Barrendero, billetera y el tema de la honradez

Señor Director:
Me motiva la noticia de Eduardo Castex que da cuenta que un joven barrendero municipal halló una cartera con 10 mil pesos (y pico) y la devolvió a su dueño.
¿Es un hecho corriente o excepcional? Ignoro si se lleva alguna forma de estadística al respecto, de modo que no cuento con la proporción entre los casos de devolución y no devolución. Esa estadística es difícil. Si damos por no devueltos los casos en que una denuncia de extravío queda sin respuesta positiva, probablemente cometemos un error. Aparte de casos de falsa denuncia, también se puede dar que un dinero u otro objeto de valor extraviados aparezcan más tarde en la casa o lugares que frecuentó el denunciante. O puede suceder que realmente hayan sido extraviados y permanezcan ocultos por un tiempo indefinido o se conviertan en criaturas del viento, del fuego o de los basurales…

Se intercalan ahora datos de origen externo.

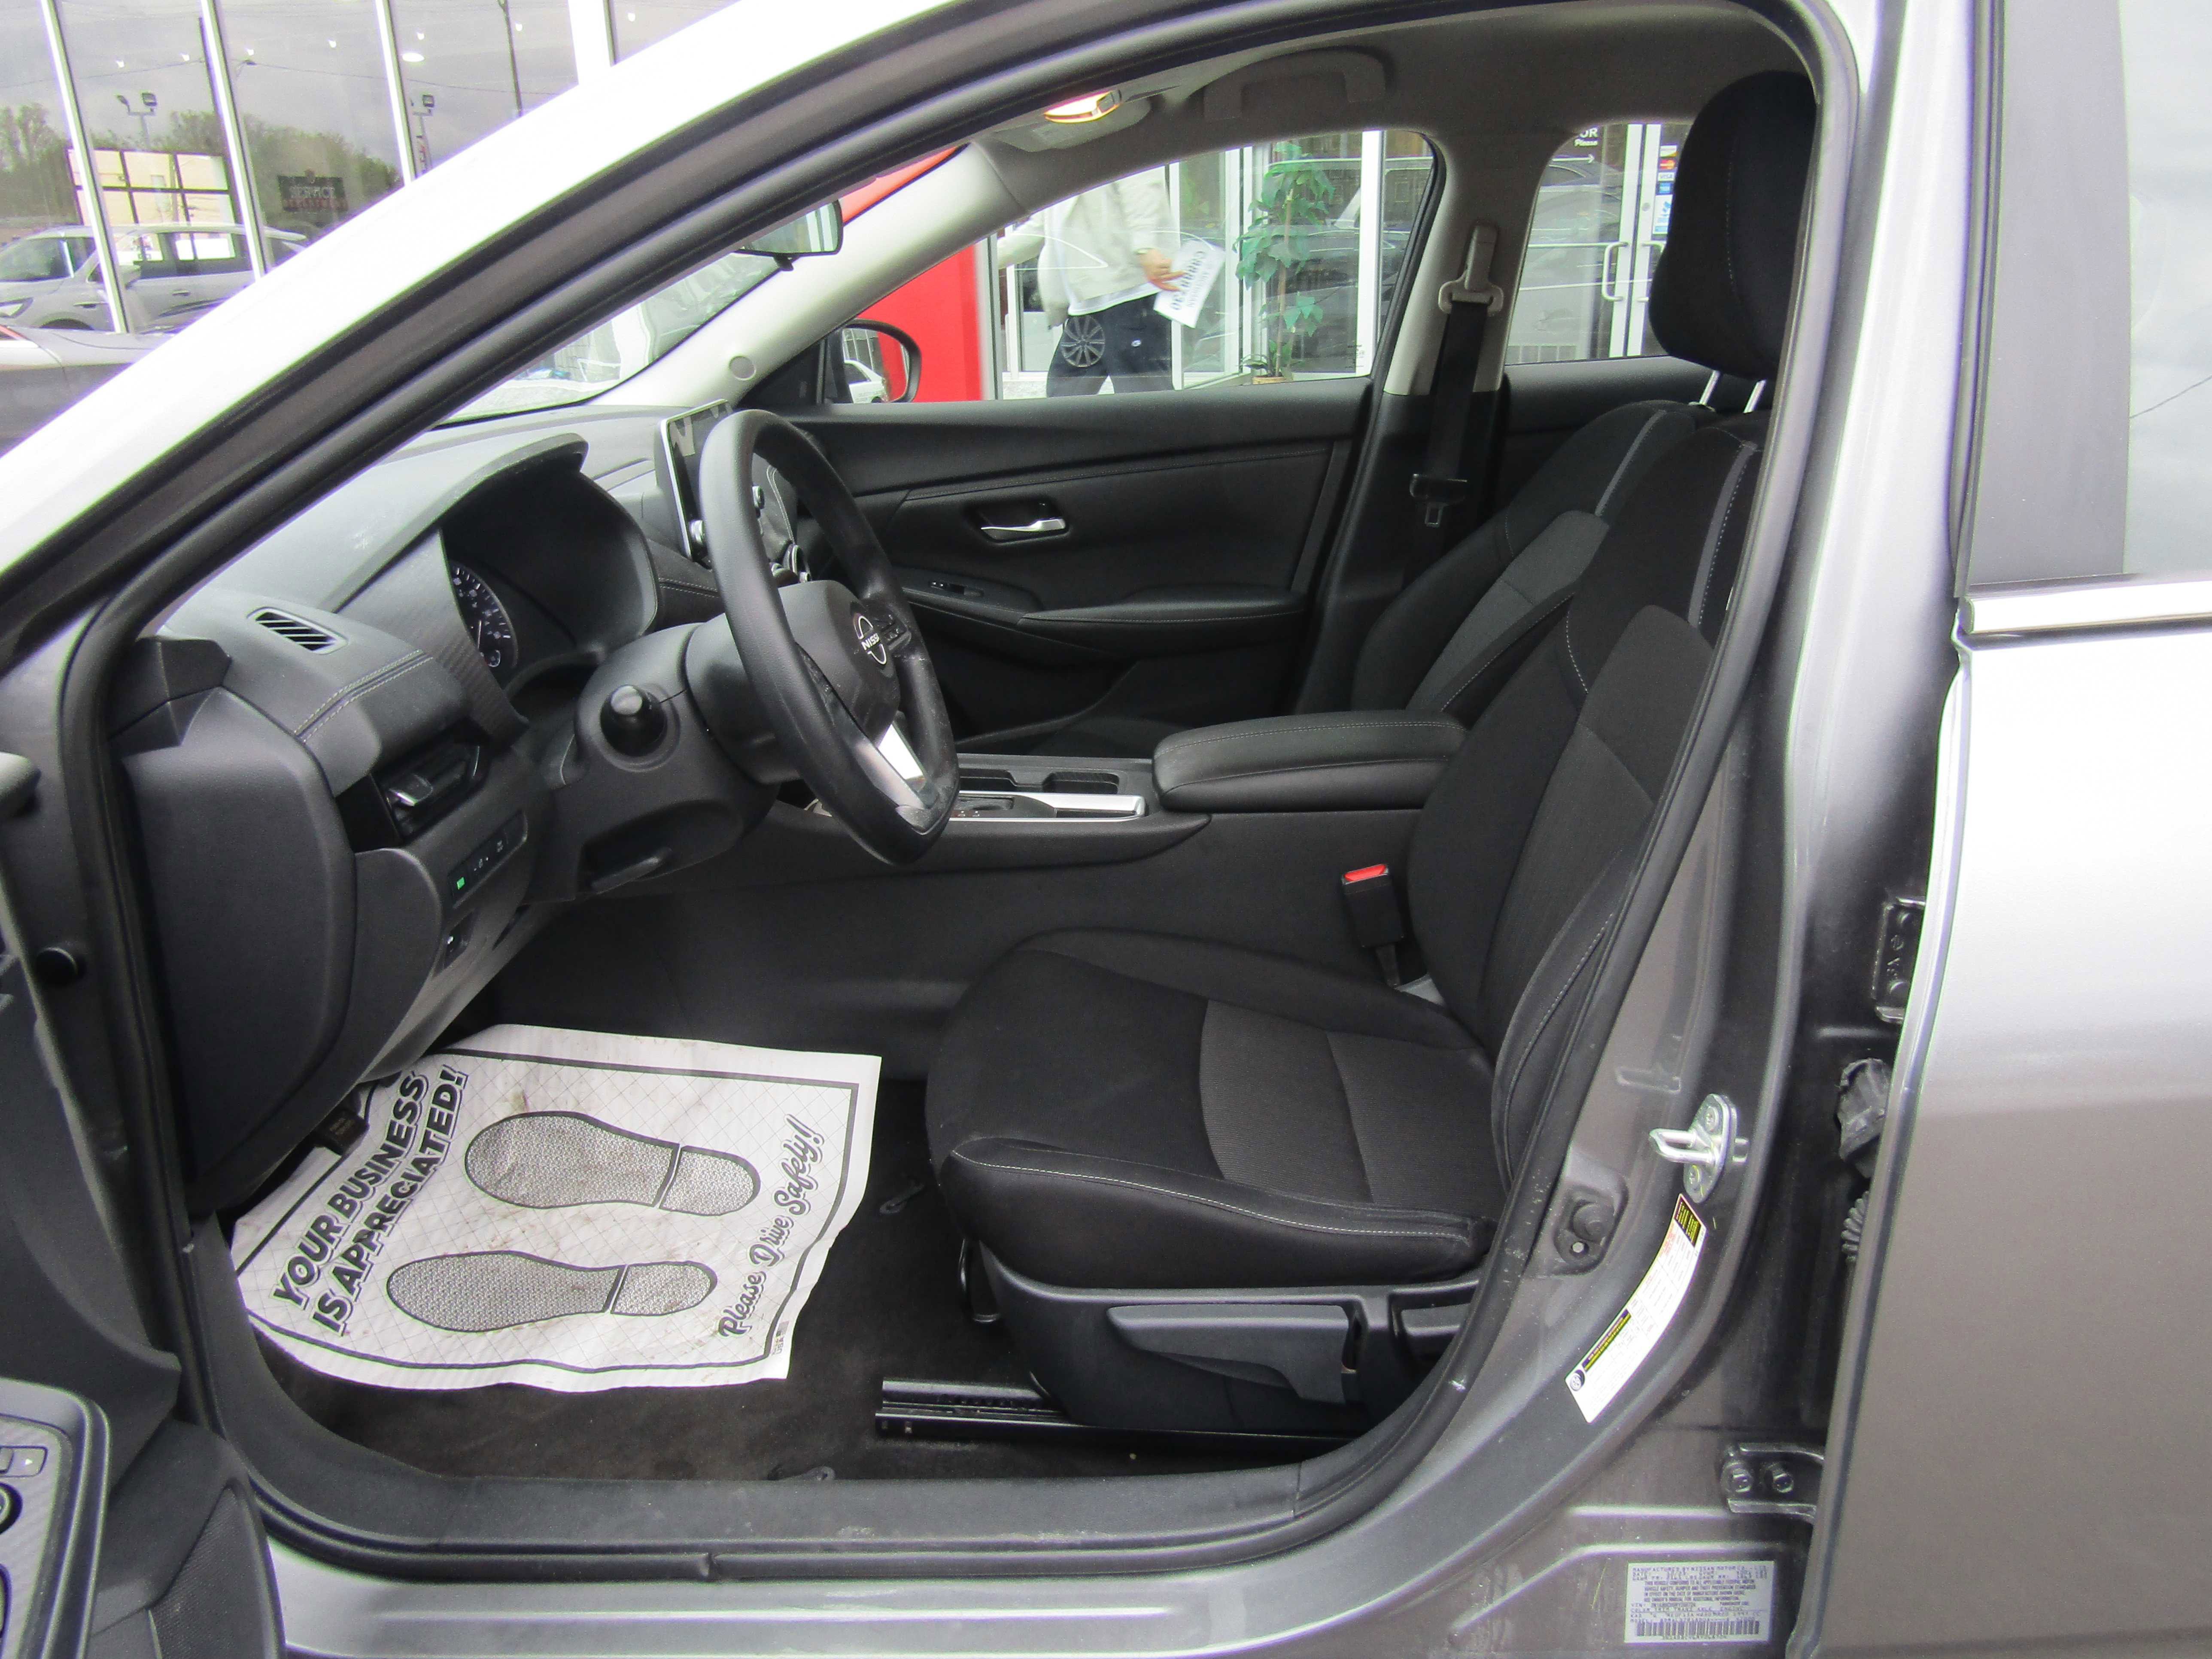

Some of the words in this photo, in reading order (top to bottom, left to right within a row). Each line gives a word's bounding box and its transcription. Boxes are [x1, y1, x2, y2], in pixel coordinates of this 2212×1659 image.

[272, 1214, 343, 1310] YOUR
[328, 1071, 429, 1220] BUSINESS
[331, 1065, 469, 1304] APPRECIATED!
[717, 1270, 767, 1339] Please
[747, 1214, 793, 1267] Drive
[774, 1114, 824, 1216] Safely!
[309, 1289, 356, 1336] IS
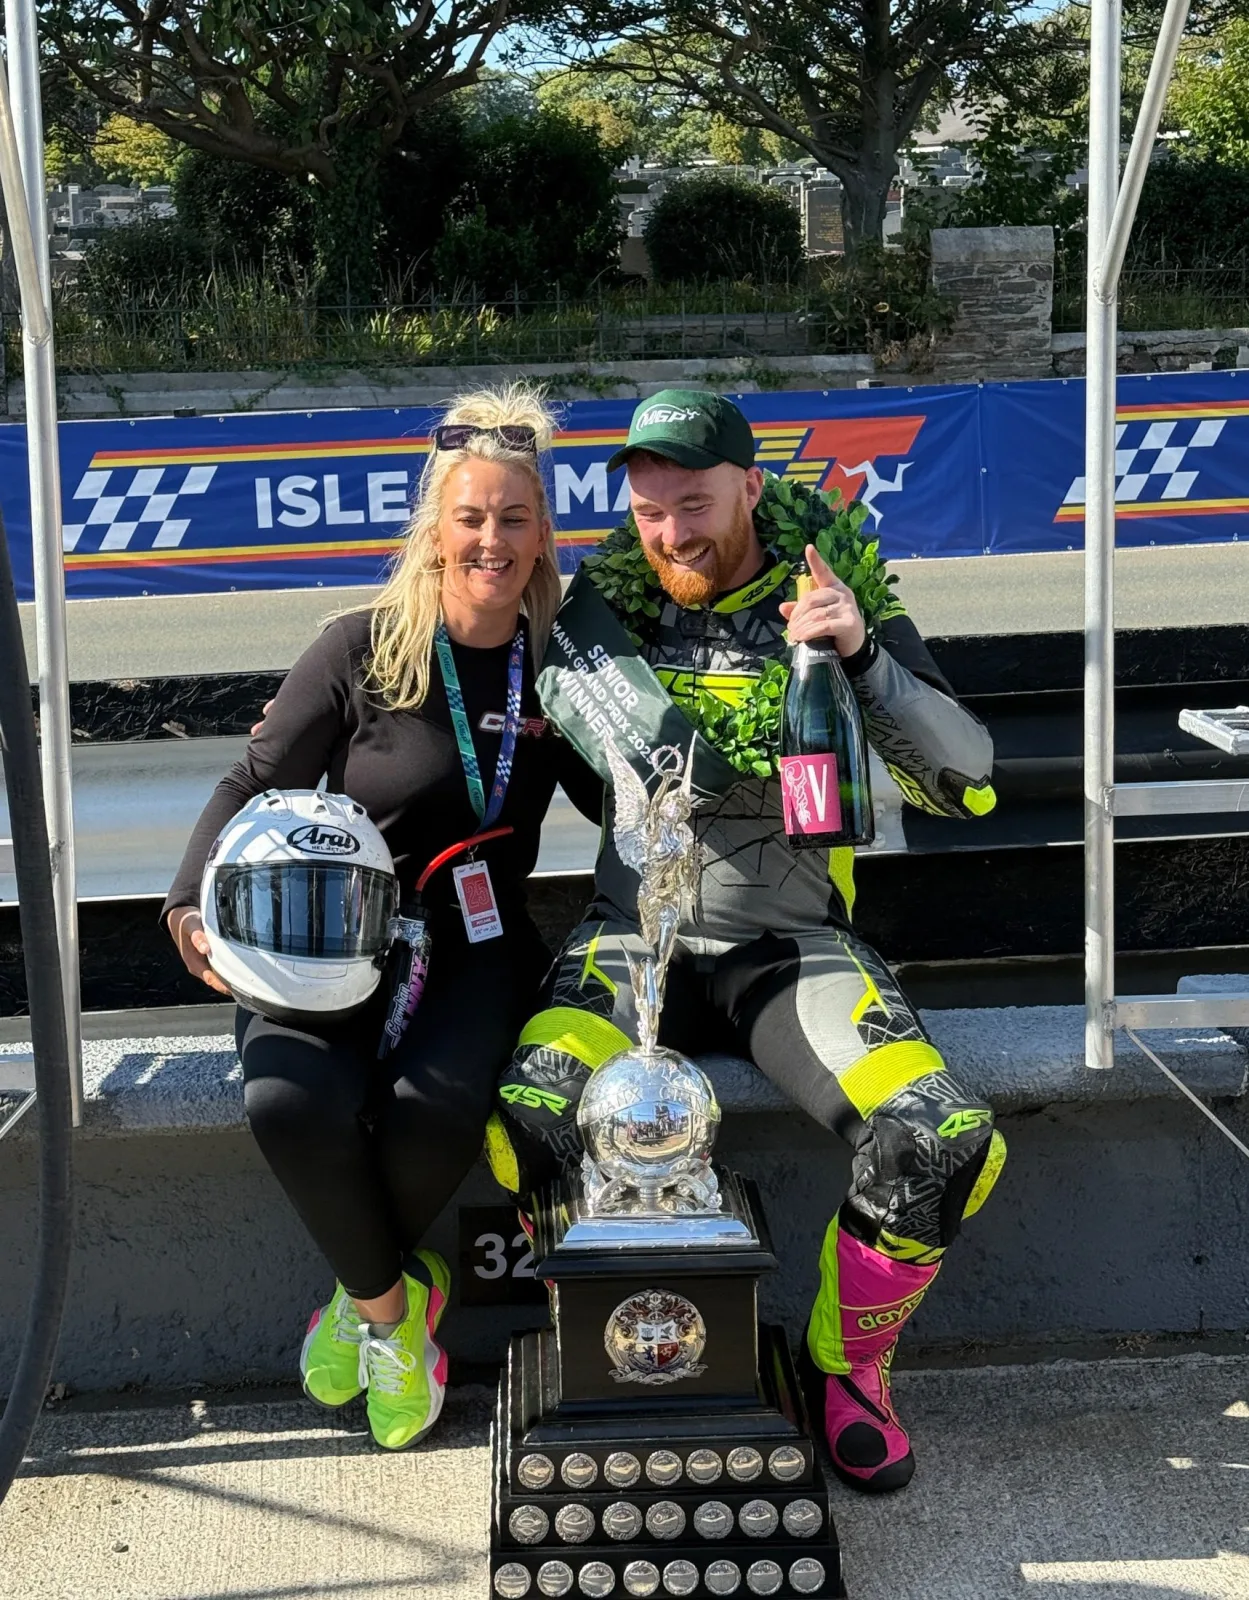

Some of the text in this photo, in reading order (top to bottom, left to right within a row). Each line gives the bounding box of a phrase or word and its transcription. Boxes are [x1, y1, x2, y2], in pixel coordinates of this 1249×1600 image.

[640, 409, 687, 429] MGP
[255, 470, 411, 529] ISLE
[551, 620, 578, 660] MANX
[573, 656, 607, 703] GRAND
[603, 699, 632, 734] PRIX
[556, 665, 615, 739] WINNER
[587, 644, 639, 713] SENIOR
[293, 826, 352, 849] Arai
[498, 1083, 573, 1117] 4SR
[473, 1232, 535, 1279] 32
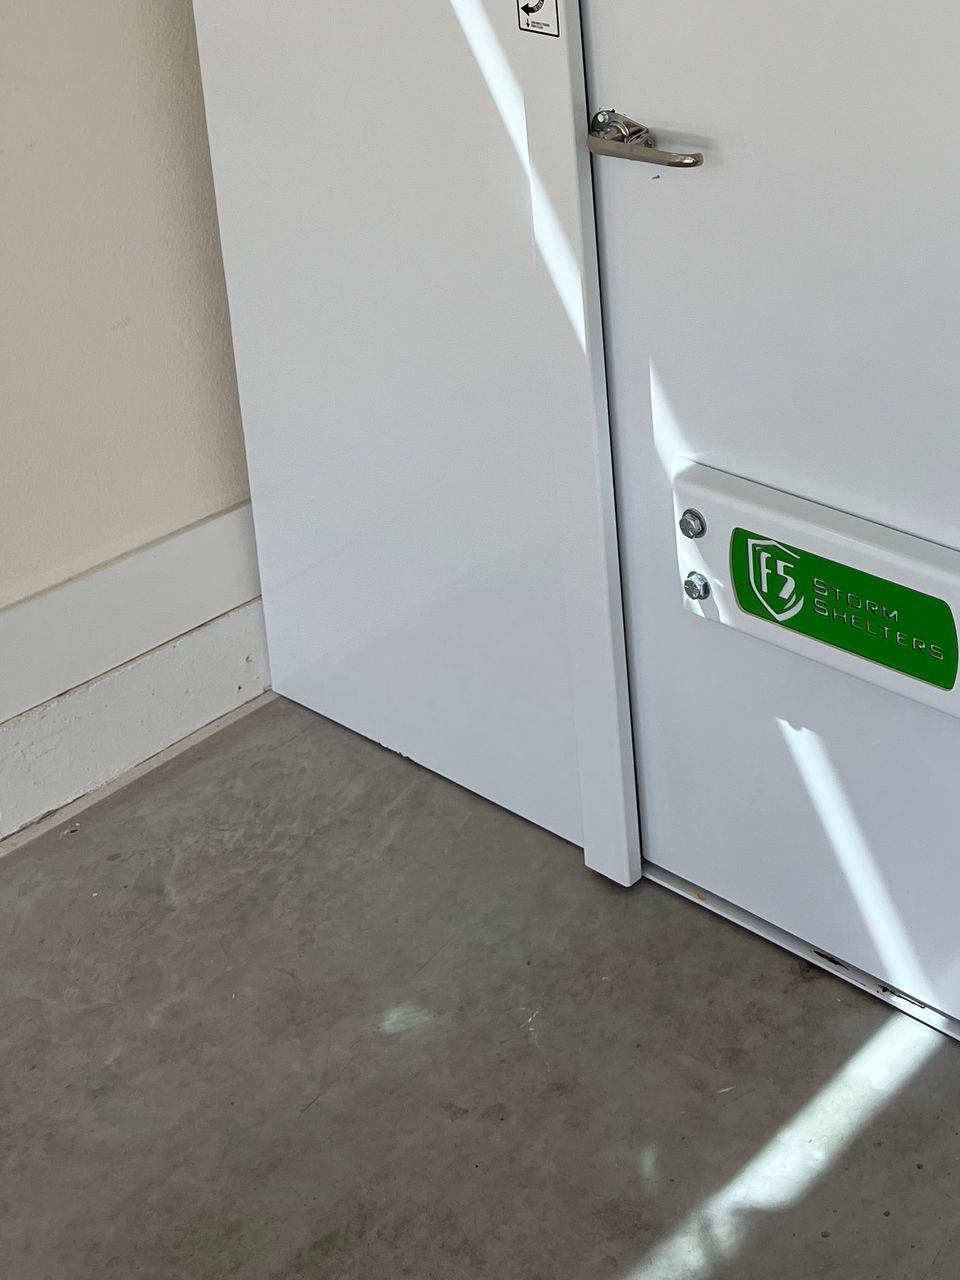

Tiendo a dar por supuesto que son mayoría las personas que devuelven lo que encuentran ocasionalmente. Me digo que si la proporción fuese inversa estaríamos en problemas. Si el número de honestos fuese menor que el de los no lo son, estaríamos en problemas… que el mundo anda porque se da esta proporción y no la inversa. Ya el estar en un mundo donde hay deshonestos en cierta proporción, hace que el vivir sea desagradable e inquietante. Una mayoría de convivientes en los que no se puede confiar, significaría vivir en estado de alerta y con voluntad de buscar ambientes más confiables. De este modo razonar infiero que la cantidad de personas confiables es sensiblemente mayor que las otras. Después de este tipo de razonamiento puede uno entrar a preguntarse si hay una medida de confiabilidad en las personas: por ejemplo, que devuelvan cien pesos, pero no siempre hagan lo mismo con mil. Estaríamos ante una honestidad condicionada por la cantidad y también tendríamos que hacernos cargo de un problema. ¿Qué pasa si el que devolvió un valor extraviado lo hizo porque temía haber sido visto o que le pudiesen haber tendido una trampa? ¿Puede alguien desistir del impulso malo (no devolver) porque teme entrar en un laberinto de problemas que le quite la poca o mucha tranquilidad de que disfruta?
Supongo que este tipo de razonamientos es el que llevó a decir que “si quieres ser feliz como tú dices /no analises, humano, no analises”.
En el caso de Castex y por el relato del joven barrendero, sabemos que tenía motivos para pensar que el dinero era del camionero, a quien acababa de ver pasar con varias cosas en sus manos y por eso fue directamente hacia él y le entregó la billetera.
Hay otro dato significativo. El joven barrendero de notoria condición modesta es también bombero voluntario. Esta referencia incorpora un elemento de juicio que cambia el planteo y deja de proponer una especulación acerca de si fue un impulso honesto el que lo motivó a devolver lo hallado. Si, además de barrendero municipal, trabajo que no figura entre los mejor remunerados, es bombero voluntario, es porque estamos ante una persona que entiende que su relación con los otros no es de recelo ni asechanza. No piensa que el vivir sea asumir un estado de guerra en que el otro sea visualizado como enemigo que busca nuestro daño y que debemos tratar de anticipar. Es un hombre honesto que ve a los otros como iguales, incluso en el infortunio, y tiene disposición para dar una mano a fin de que la existencia sea más tolerable para todos.
¿Un hombre bueno? Eureka!, diría Diógenes el can, aquel extraño sujeto que dejaba su tonel y recorría las calles de Atenas con su farol en pleno día. Buscaba un “hombre bueno” y sabía que, si bien debía existir, no se deja ver por todos. El mal es notorio, el bien es discreto.
Supongo que el camionero preparó un buen asado para el joven barrendero, pues éste dice que fue invitado a compartirlo. ¿Qué más se debe esperar del acto realmente bueno como no sea el nacimiento de una relación de amistad o camaradería?